After working on it in bits and pieces over the last few days I managed to get context switching working (late) last night.

Again apart from one little error it might've happened a lot sooner - I read the APSR description about the 'big endian bit' and I think my mind just assumed 'not x86 ==> big endian' and I decided I needed to turn it on. Oops. Very odd, apparently scheduling tasks just fine but they don't seem to execute at all, nor cause any crashes. Oh this is the first time i've had user-mode code executing as well.

My initial idea was to only save the minimal state possible on interrupt entry, and only bother with a full save/restore in the event of an actual context switch. But then thinking about the microkernel design I want to implement later on, this seems a bit pointless since generally the `low' part of the interrupt handler will always run straight away so it will probably lead to a context switch. This simplifies the context switcher a little bit and adds a bit more flexibility internally too. For system calls i'm not so sure yet - quite a few system calls should lead to a context switch too but a lot wont, so i'm still thinking about whether it will work the same way. And I have to decide if system-calls can be interrupted - if they remain very tiny then they wont need to be.

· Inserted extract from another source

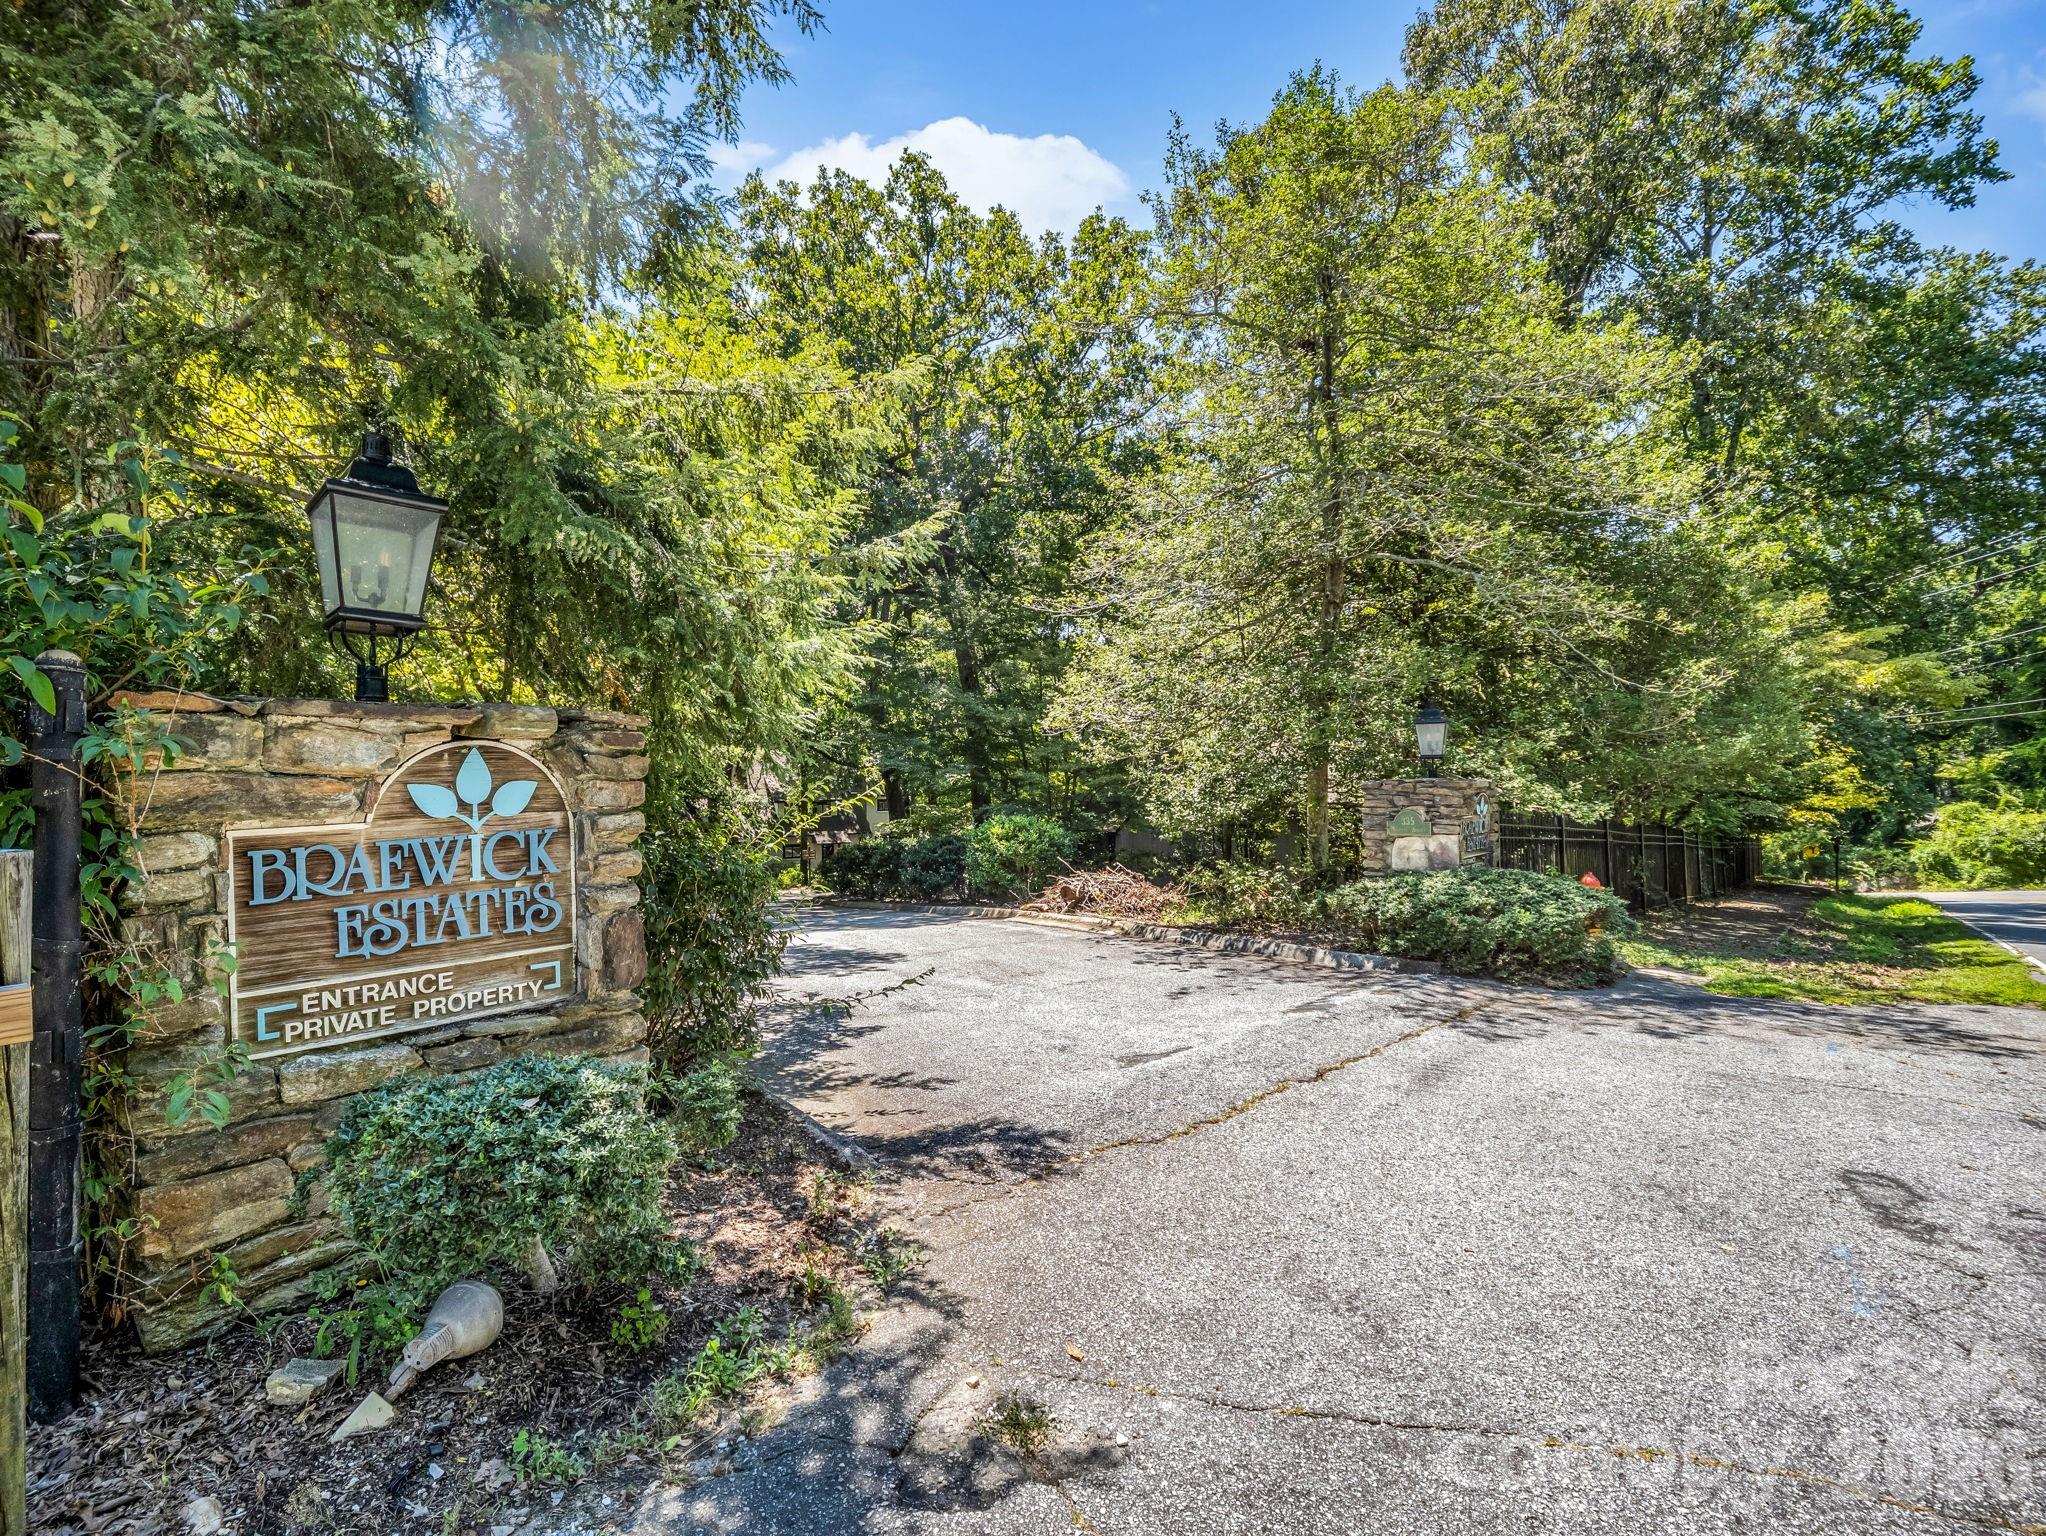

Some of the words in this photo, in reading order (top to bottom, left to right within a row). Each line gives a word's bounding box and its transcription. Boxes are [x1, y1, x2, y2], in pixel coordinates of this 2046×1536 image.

The context switch code basically ends up the same as the one out of the manual, but hooked into the normal IRQ handler. The IRQ stack pointer is used as the point to ThisTask.tcb.regs[0] all the time, so nothing needs to be loaded at interrupt handler time. I have a trivial ASM function which lets the system code set the next task to run:
        @ r0 = pointer to r0 in tcb
.global irq_new_task
irq_new_task:
mrs r1,cpsr
cps #MODE_IRQ
mov sp,r0
msr cpsr,r1
bx lr

The function below then becomes the new IRQ entry point. The lines highlighted in bold indicate the changes from the previous interrupt handler - there aren't too many, and one is just a cleanup (the mov lr,pc). The main difference is that all of the context state is stored on the `irq stack' rather than the supervisor stack. But it isn't really a stack, it's just a pointer to the TCB. This does have one consequence - it is impossible to implement re-entrant interrupts (at least without further code). If more state is required it may make sense to shift all interrupts to use fast interrupts, since it could then use the other FIQ banked registers to store per-processor state - although it could equally just be a pointer from the TCB to a per-processor or per-process struct.
        .global irq_entry
irq_entry:
sub lr,#4
stm sp,{ r0-r14 }^ @ save all user regs
srsdb #MODE_IRQ @ save spsr and return pc

cps #MODE_SUPERVISOR
push { r12, lr } @ save supervisor lr and r12 to supervisor stack

ldr r5,=INTCPS_BASE @ find active interrupt from INTCPS
ldr r0,[r5,#0x40]

ldr r2,=irq_vectors @ execute vectored handler
and r0,r0,#0x7f
mov lr,pc
ldr pc, [r2, r0, lsl #2]

mov r1,#1 @ tell INTCPS we've handled int
str r1,[r5,#INTCPS_CONTROL]
dsb

pop { r12, lr } @ last of state on supervisor stack

cps #MODE_IRQ

ldm sp,{r0-r14}^
rfedb sp @ back to new or old task

Now the IRQ sp is just used as a pointer to the current TCB - so the code doesn't perform any write-back to the sp when writing or restoring values. The user registers are stored/restored above it, and the pc and spsr registers are stored below it. The push { r12, lr } doesn't actually need to store r12 since we already saved it, but this is used to keep the stack aligned at this point - it will need to change to ensure the alignment specifically so r12 wont need to be saved once that is done.
struct tcb {
uint32_t pc;
uint32_t spsr;
// <- sp_irq points here always
uint32_t regs[15];
};

The C structure that maps to this is shown above, indicating where the sp_irq actually points. I have a simple linked-list of tasks to hold this state, and whatever other state the kernel might need.
struct task {
struct Node Node;
int id;

struct tcb tcb;
};

Within an interrupt routine, if I wish to schedule a new task all I need to do is call the aforementioned irq_new_task function with the value from inside the tcb, and that task will run once the interrupt is finished.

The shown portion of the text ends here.